Scheme 1 Synthetic route to the preparation of the target radical PTM–Fc dyad 3-Rad.

For the synthesis of the target radical PTM–Fc dyad (3-Rad) a copper-catalyzed azide–alkyne cycloaddition (CuAAC) click chemistry strategy was envisaged.^53–55 The standard conditions for the click reaction that generates in situ the copper(I) catalyst by reduction of CuSO₄ using ascorbic acid or ascorbate⁵⁶ could not be used here because the ascorbic acid reduces the radical to the anion that in turn is irreversibly protonated to the αH form.⁵⁷ Therefore, as mentioned above, before performing the reaction on the surface, the synthetic procedure was optimized in solution. The successful synthesis of the target molecule 3-Rad with the highest reaction yield was obtained by using copper(I) iodide as a catalyst, and N-ethyldiisopropylamine (DIPEA) and triphenylphosphine as ligands (see ESI† for further details on the synthesis). As shown in Scheme 1, two routes were followed. First, the CuAAC reaction conditions starting with the non-radical precursor, αH-PTM molecules (2-H), were optimized. Both mono- and di-cycloaddition compounds, 3-H and 4-H, were obtained as products of the click reaction between the azidomethyl ferrocene and the PTM derivative with two acetylene-terminated groups (2-H) even when a 1 : 1 molar ratio of the azide and 2-H was used. Next, the corresponding radicals 3-Rad and 4-Rad were prepared through treatment of the αH adducts, 3-H and 4-H, with tetra-n-butylammonium hydroxide (TBAOH), to generate the corresponding anions, and then the oxidation of these anions to the PTM radicals with p-chloranil. The second route consisted of directly coupling the open-shell compound, 2-Rad, with the azidomethyl ferrocene to obtain also the two cycloaddition compounds 3-Rad and 4-Rad with better yield than in the case of the non-radical derivative. All the compounds were fully characterized by spectroscopic techniques (NMR, FT-IR, and UV/vis), cyclic voltammetry and electron paramagnetic resonance for the radicals (see ESI†).
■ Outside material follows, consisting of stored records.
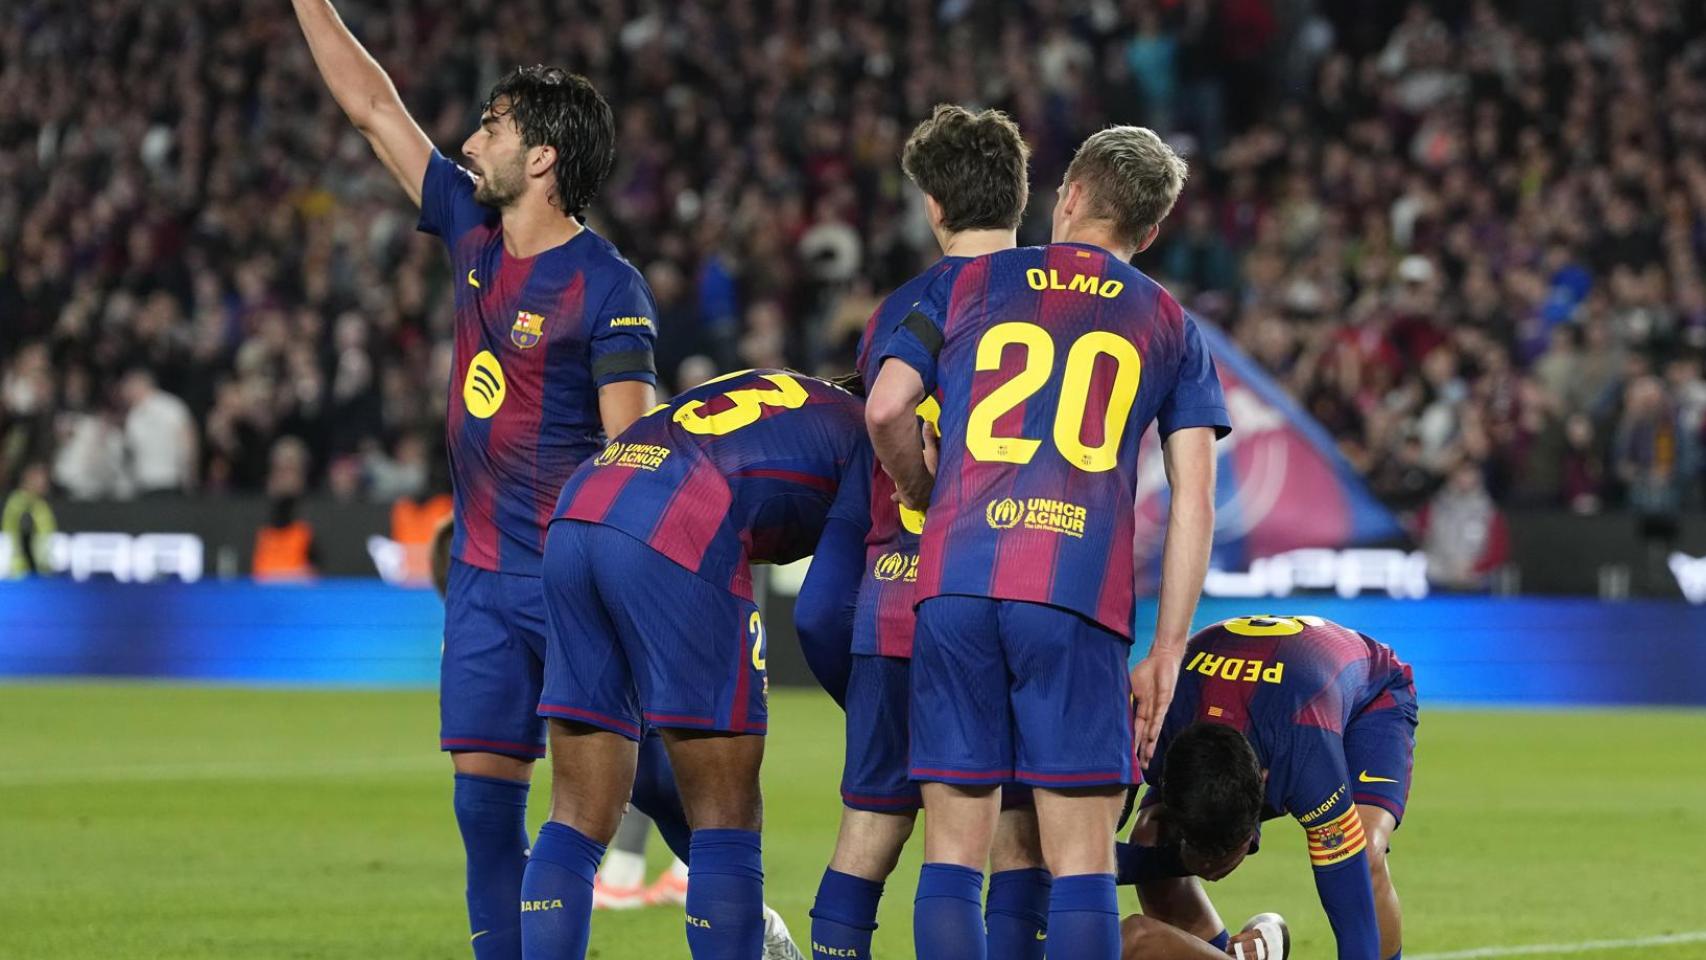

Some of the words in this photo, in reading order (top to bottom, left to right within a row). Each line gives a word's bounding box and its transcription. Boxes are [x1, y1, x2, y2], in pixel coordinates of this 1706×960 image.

[1026, 268, 1124, 299] OLMO
[642, 369, 810, 436] 3
[965, 321, 1142, 473] 20
[618, 452, 664, 468] ACNUR
[626, 443, 671, 459] UNHCR
[1024, 511, 1085, 533] ACNUR
[1027, 498, 1086, 520] UNHCR
[1186, 651, 1285, 684] PEDRI
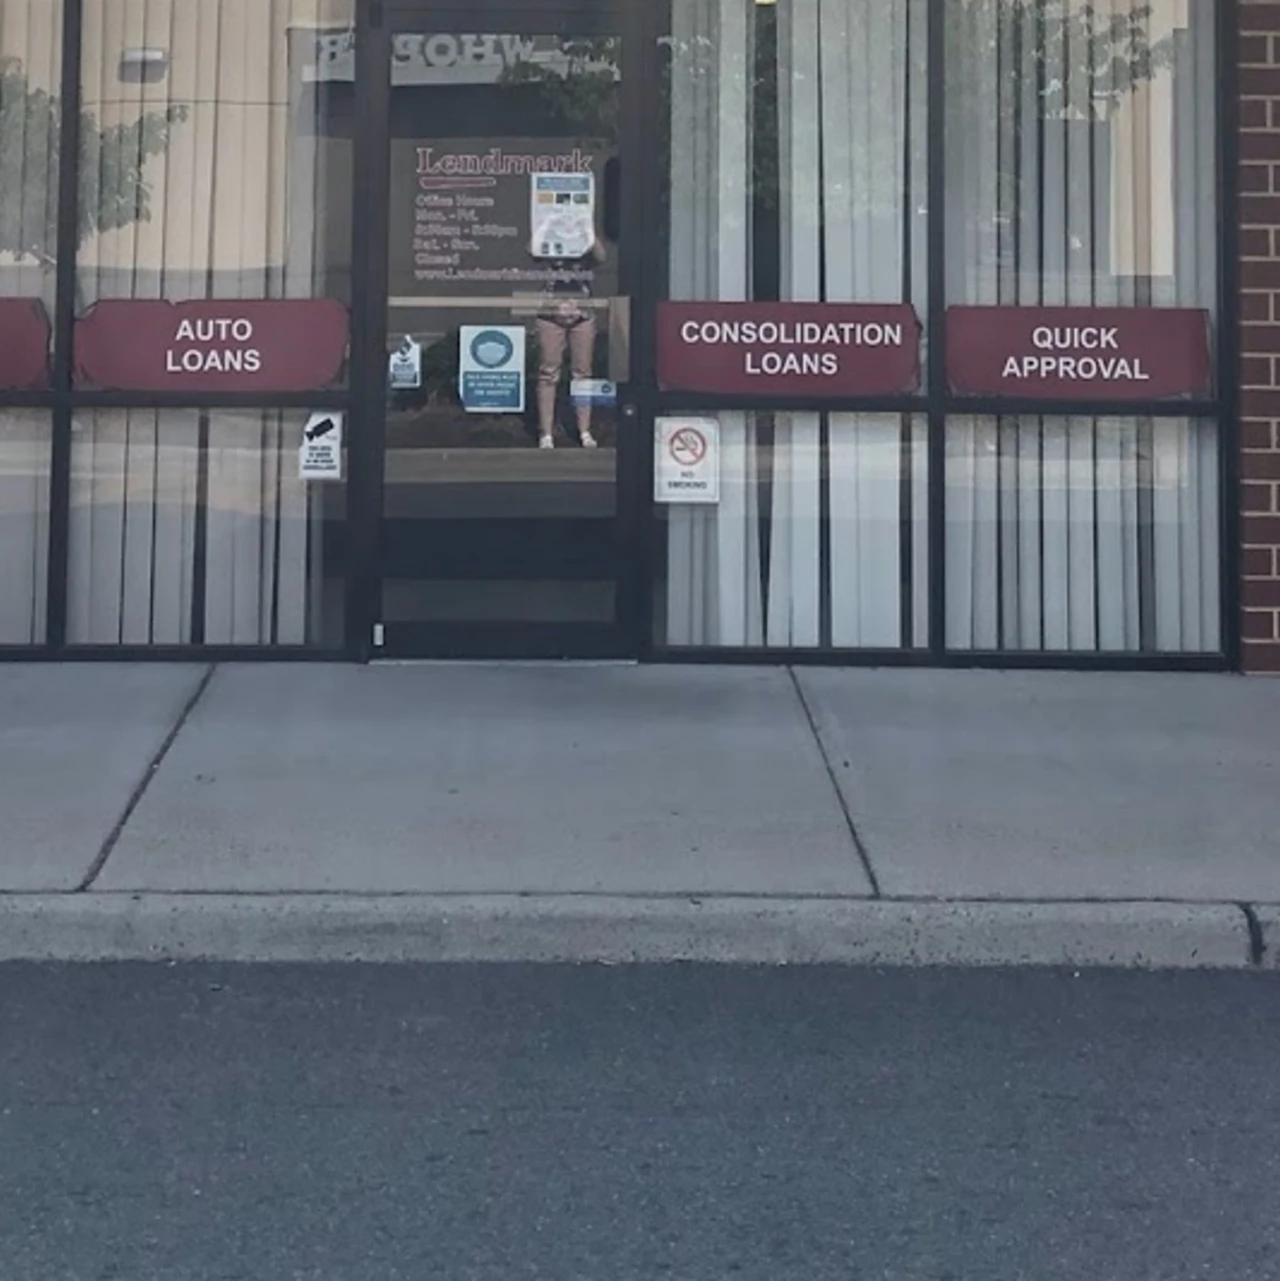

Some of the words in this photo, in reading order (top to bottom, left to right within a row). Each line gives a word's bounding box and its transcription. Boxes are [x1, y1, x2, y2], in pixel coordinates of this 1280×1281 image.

[416, 148, 593, 175] Lendmark
[175, 318, 253, 342] AUTO
[681, 320, 902, 346] CONSOLIDATION
[1032, 326, 1118, 351] QUICK
[166, 348, 261, 372] LOANS
[745, 352, 838, 375] LOANS
[1002, 356, 1150, 381] APPROVAL
[668, 481, 708, 490] SMOKING
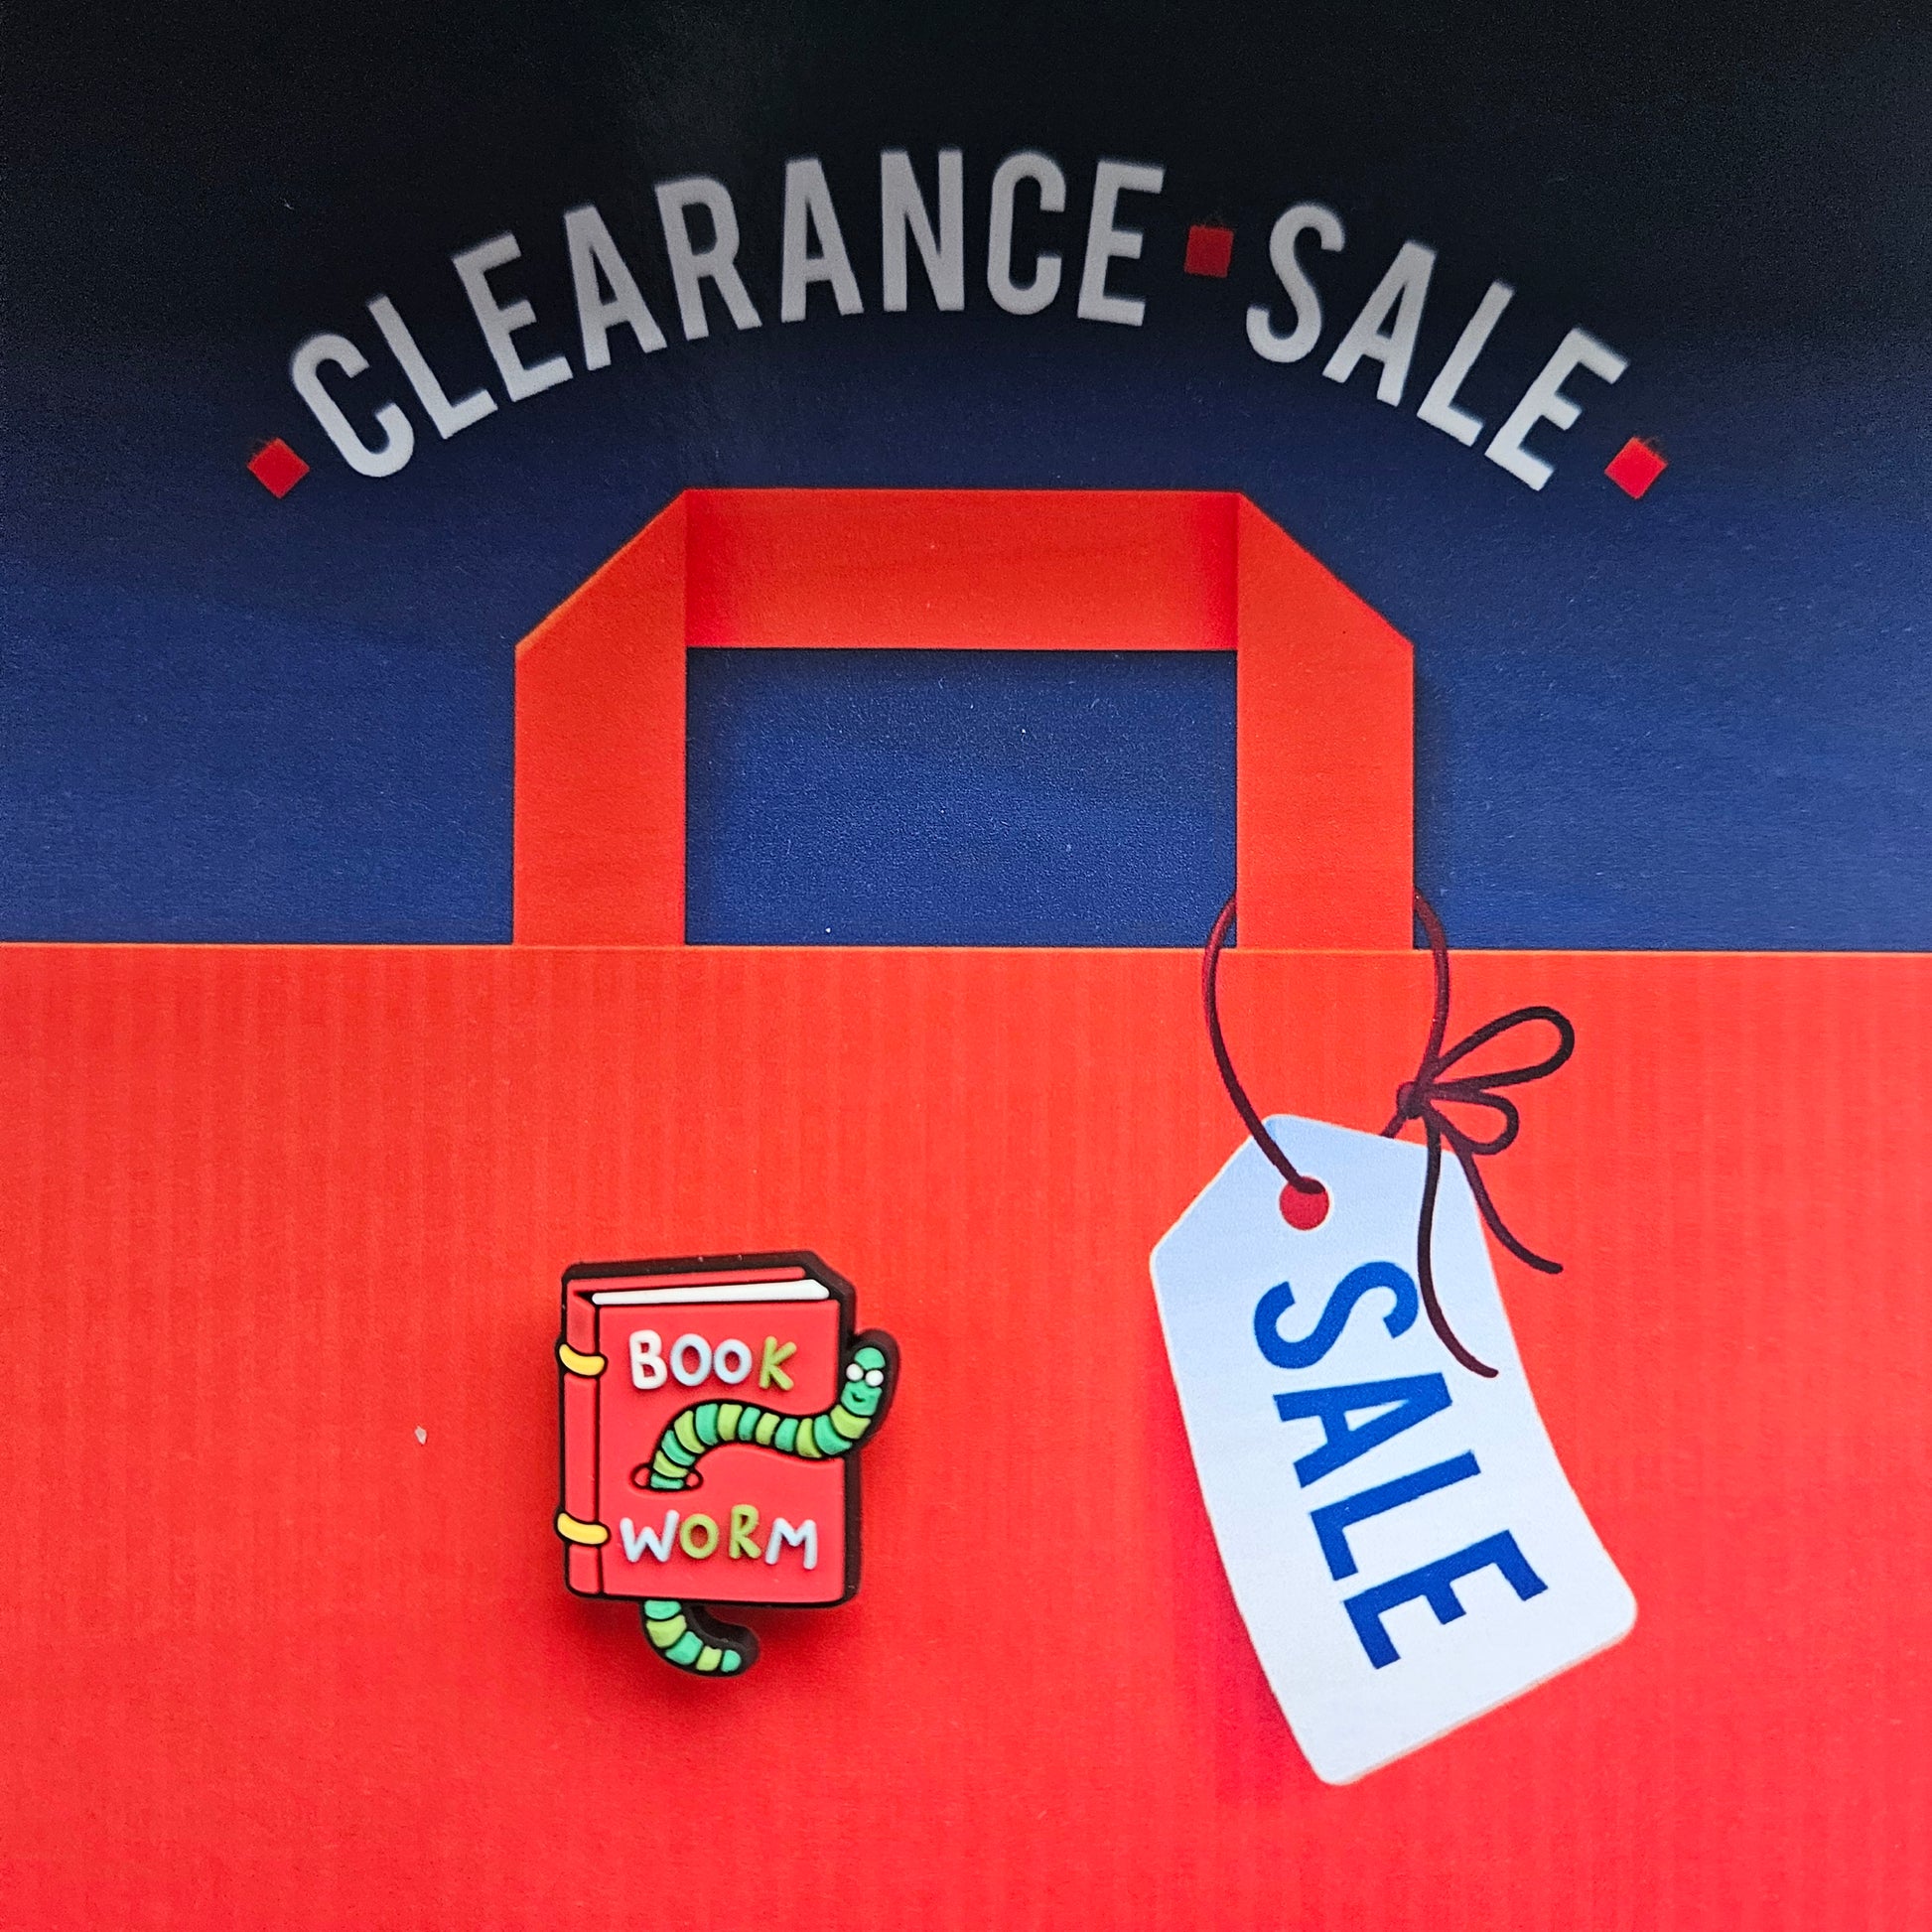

On-surface PTM radical functionalization. PTM SAMs were prepared using a freshly template-stripped Au (Au^TS) surface as the substrate.⁵⁸ Its ultraflat topography makes it an ideal bottom electrode for the charge transport measurements, as well as for promoting the formation of higher quality monolayers.⁵⁹ Compounds 2-Rad, 3-Rad, 2-H and 3-H were used to generate SAM-2-Rad, SAM-3-Rad, SAM-2-H and SAM-3-H, respectively. These SAMs were prepared following a similar previously reported methodology,²⁶ working under inert conditions to avoid the oxidation of the alkyne (see ESI† for further details on the SAM preparation). All the SAMs were characterized by different electrochemical techniques: CV, square wave voltammetry (SWV) and electrochemical impedance spectroscopy (EIS). This allowed us to obtain information about the faradaic transfer process of the anchored molecules, the surface reaction yield and the capacitive behavior at different potentials.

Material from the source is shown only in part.